▸ **Task material**:
#####

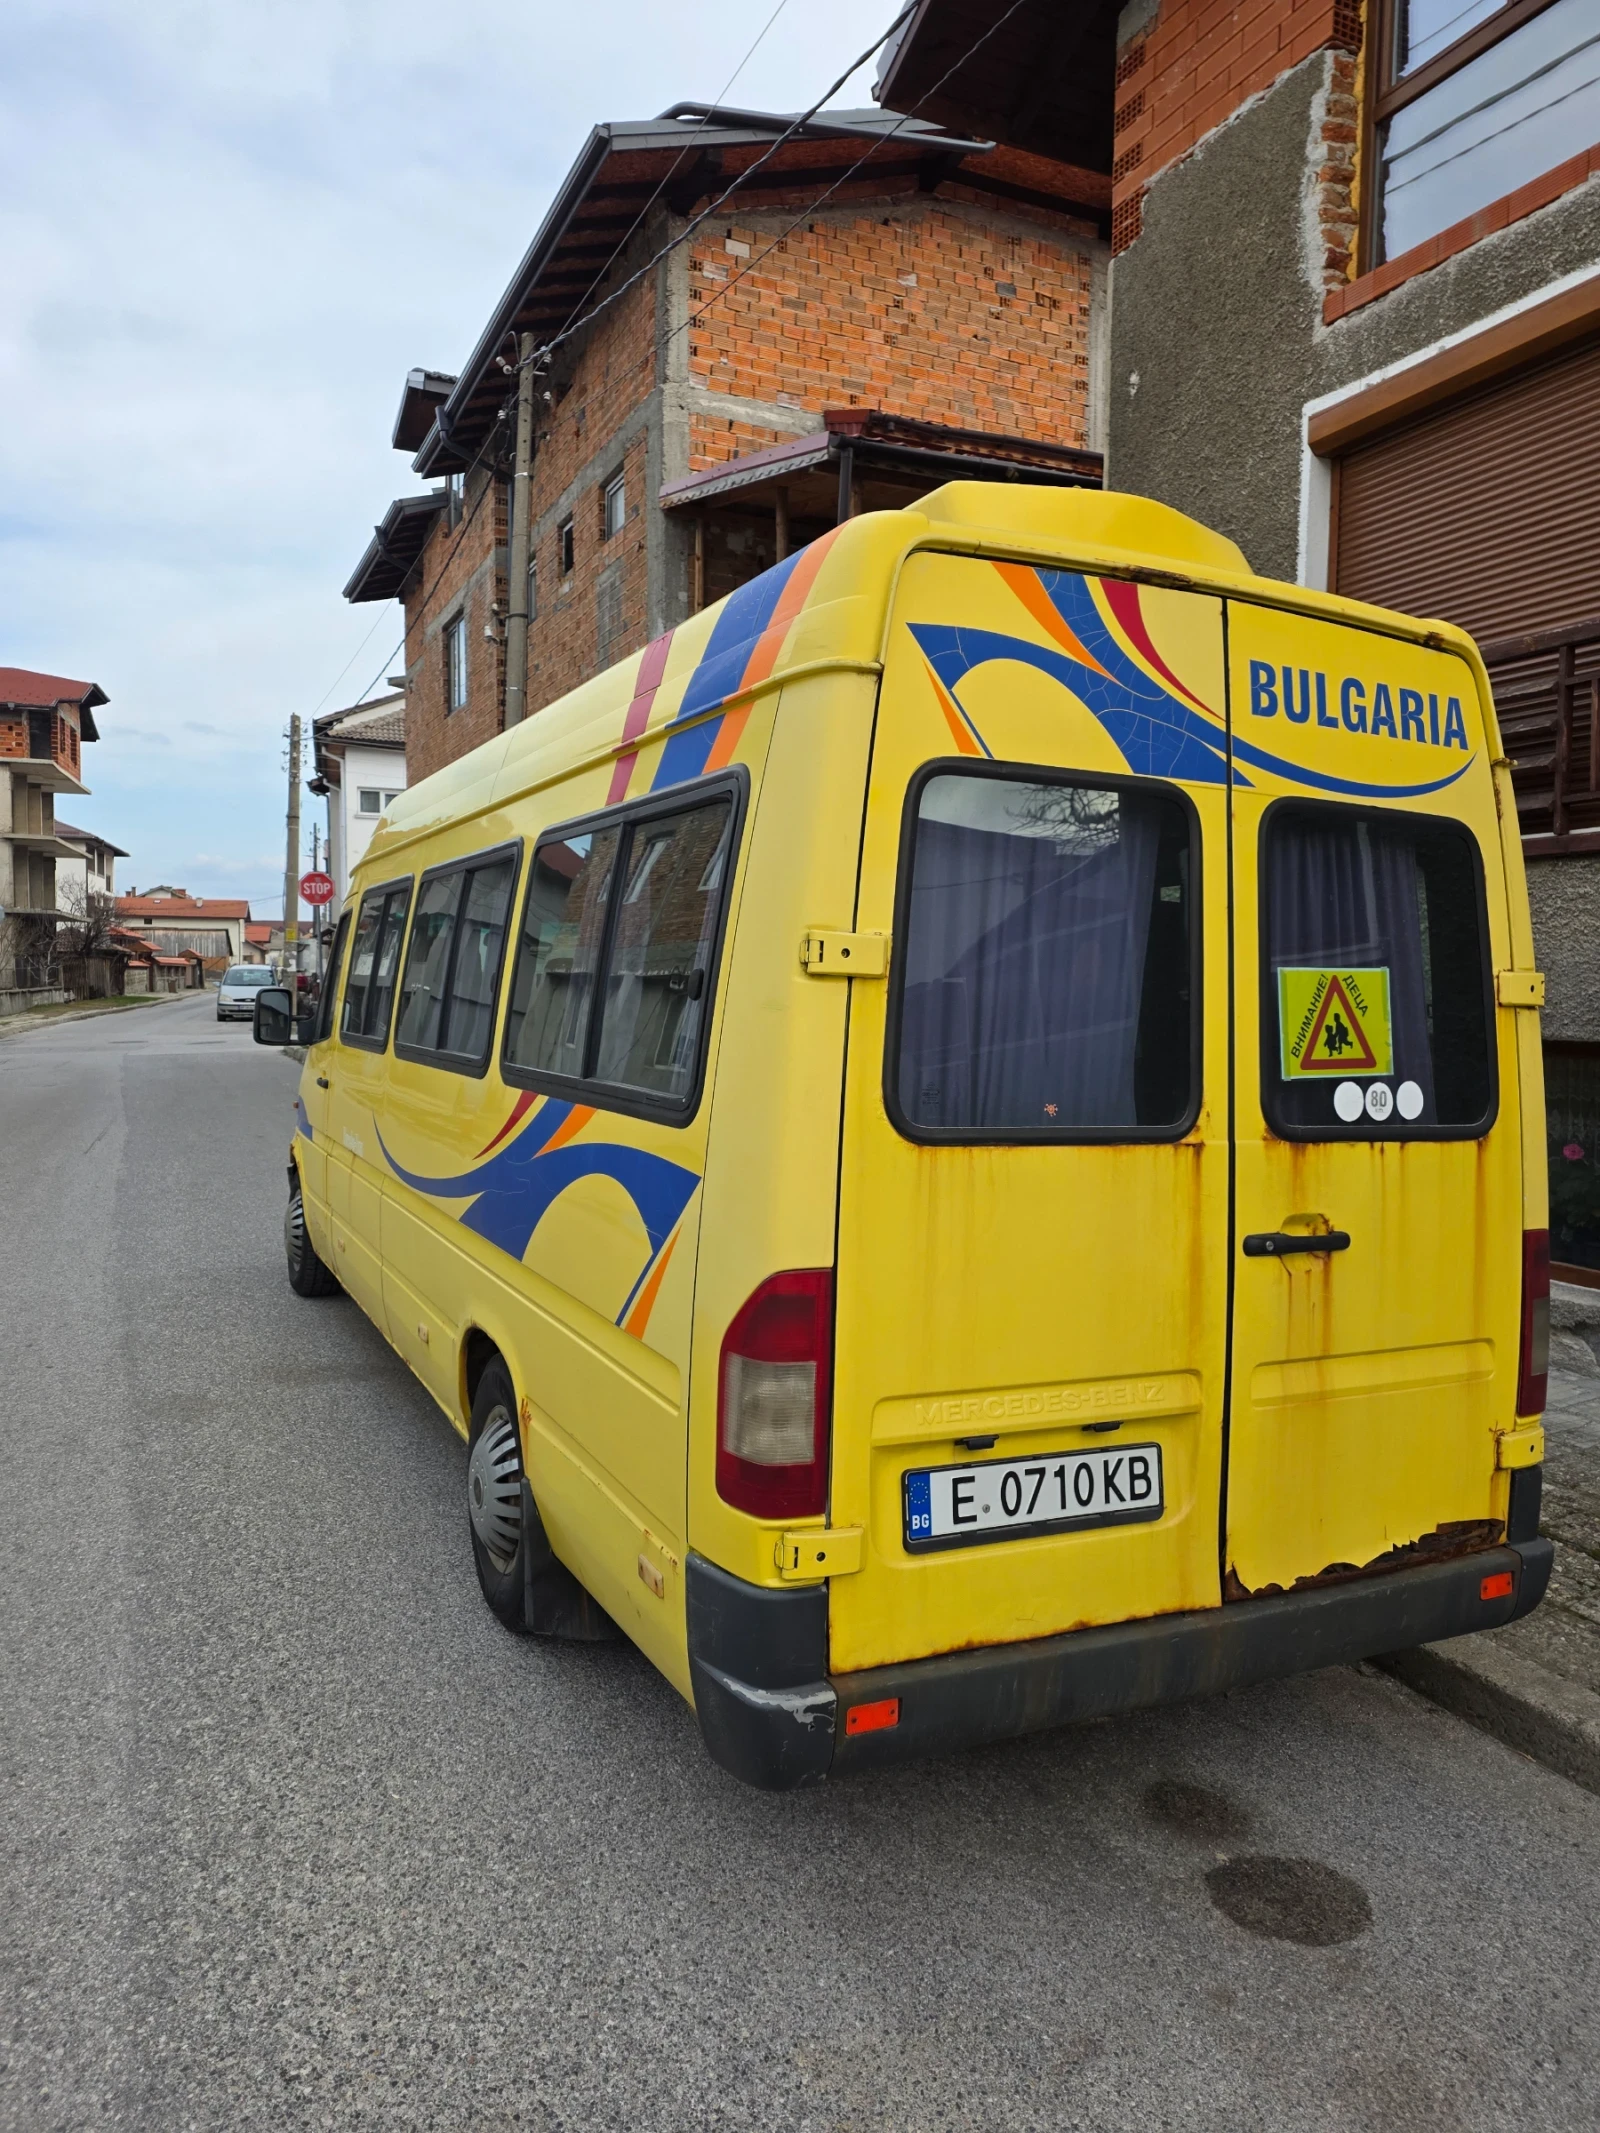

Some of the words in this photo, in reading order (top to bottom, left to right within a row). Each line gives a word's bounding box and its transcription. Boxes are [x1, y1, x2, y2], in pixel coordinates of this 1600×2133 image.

[1249, 659, 1469, 751] BULGARIA
[303, 882, 331, 894] STOP
[1290, 973, 1329, 1059] ВНИМАНИЕ!
[1342, 974, 1369, 1018] ДЕЦА
[1371, 1090, 1388, 1108] 80
[915, 1382, 1165, 1427] MERCEDES-BENZ
[911, 1513, 930, 1530] BG

#####

▸ **What is being asked**: Print the data again word for word, pictures excluded.

▸ **The completed task**:
Some of the words in this photo, in reading order (top to bottom, left to right within a row). Each line gives a word's bounding box and its transcription. Boxes are [x1, y1, x2, y2], in pixel coordinates of this 1600×2133 image.

[1249, 659, 1469, 751] BULGARIA
[303, 882, 331, 894] STOP
[1290, 973, 1329, 1059] ВНИМАНИЕ!
[1342, 974, 1369, 1018] ДЕЦА
[1371, 1090, 1388, 1108] 80
[915, 1382, 1165, 1427] MERCEDES-BENZ
[911, 1513, 930, 1530] BG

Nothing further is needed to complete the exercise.